§ Exercise brief
Leave out the pictures and restate every entry word for word.

§ Material provided
________________________

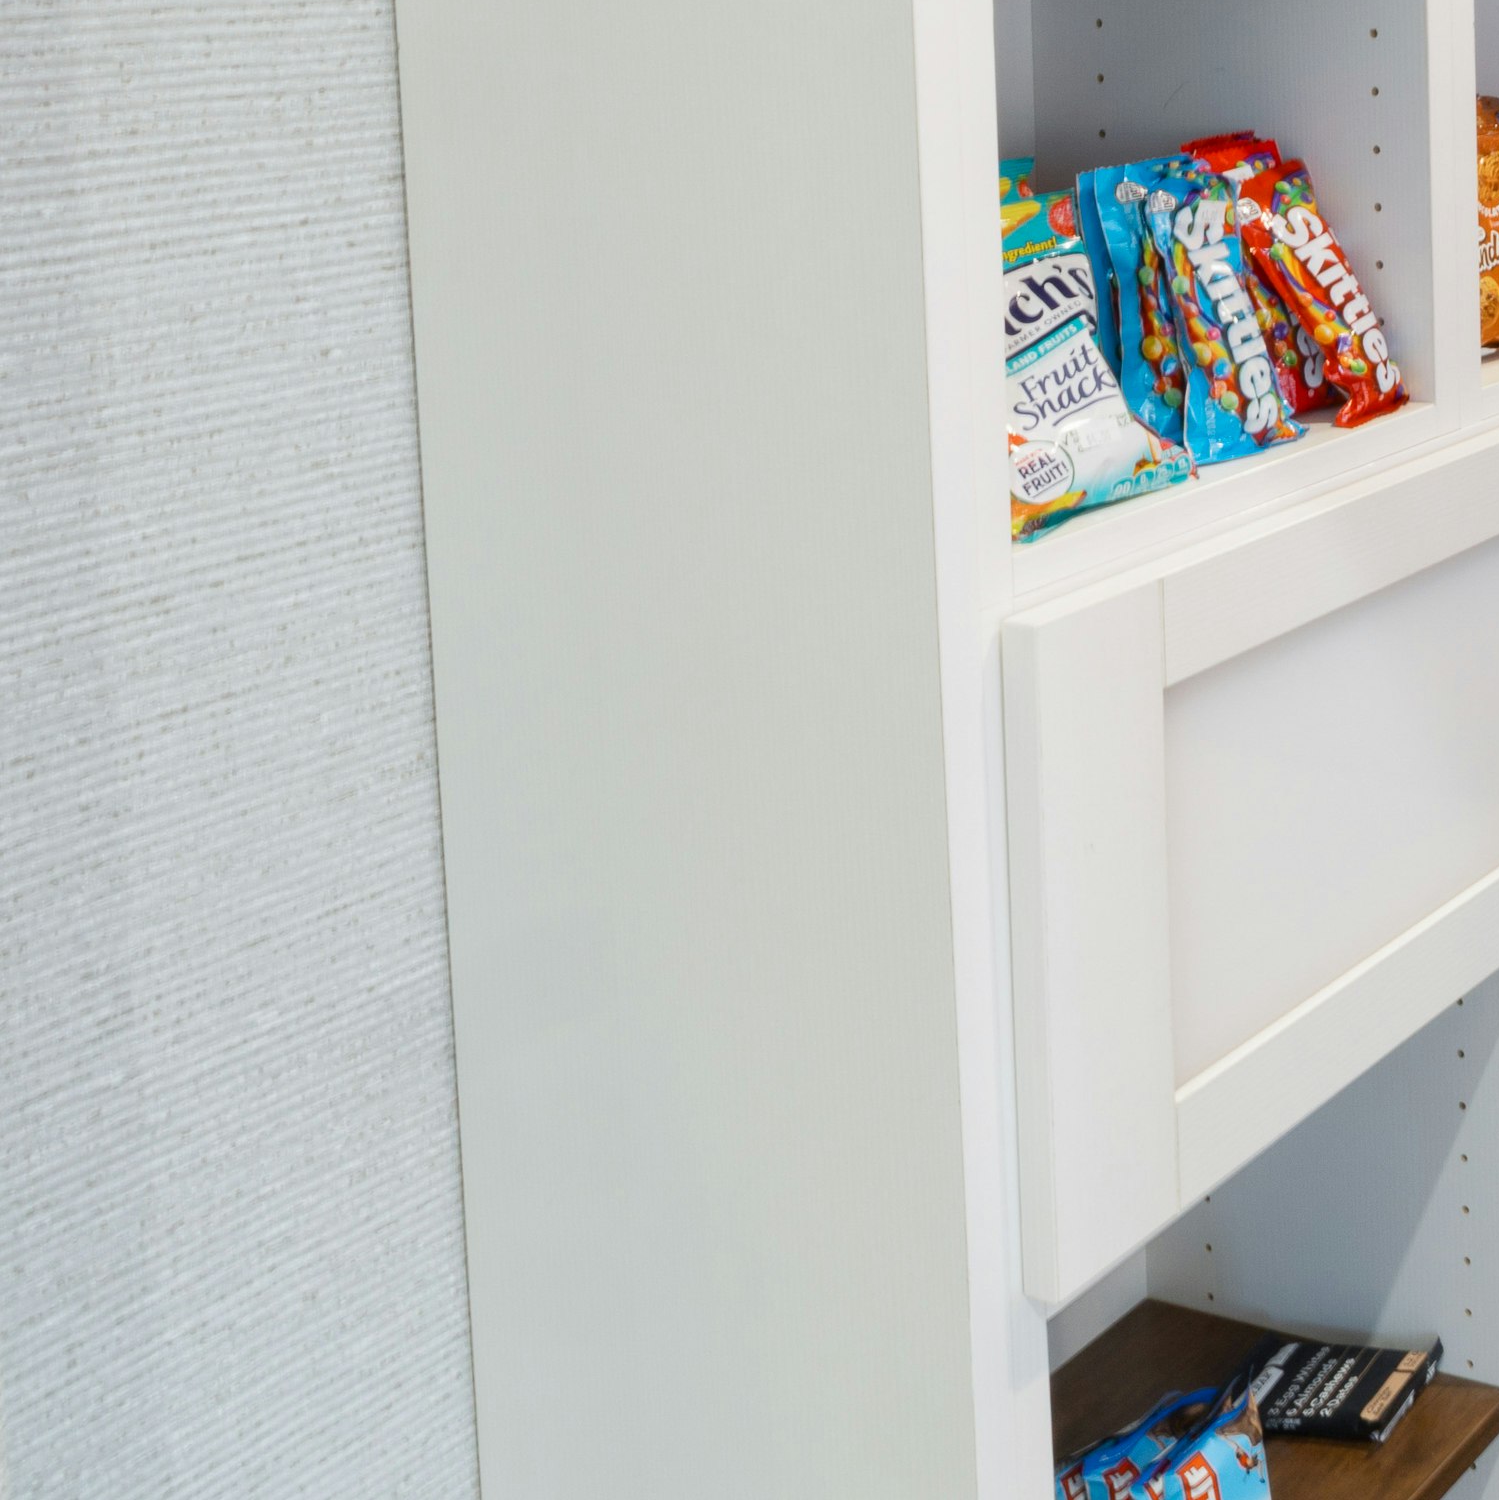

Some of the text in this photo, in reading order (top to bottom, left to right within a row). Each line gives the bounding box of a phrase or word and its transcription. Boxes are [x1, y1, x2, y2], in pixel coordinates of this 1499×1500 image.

[1038, 323, 1079, 357] FRUITS
[1018, 342, 1100, 403] Fruit
[1017, 450, 1057, 481] REAL
[1294, 1358, 1339, 1408] Almonds
[1310, 1357, 1356, 1408] Cashews
[1326, 1374, 1360, 1408] Dates

________________________

§ Task response
Some of the text in this photo, in reading order (top to bottom, left to right within a row). Each line gives the bounding box of a phrase or word and its transcription. Boxes are [x1, y1, x2, y2], in pixel coordinates of this 1499×1500 image.

[1038, 323, 1079, 357] FRUITS
[1018, 342, 1100, 403] Fruit
[1017, 450, 1057, 481] REAL
[1294, 1358, 1339, 1408] Almonds
[1310, 1357, 1356, 1408] Cashews
[1326, 1374, 1360, 1408] Dates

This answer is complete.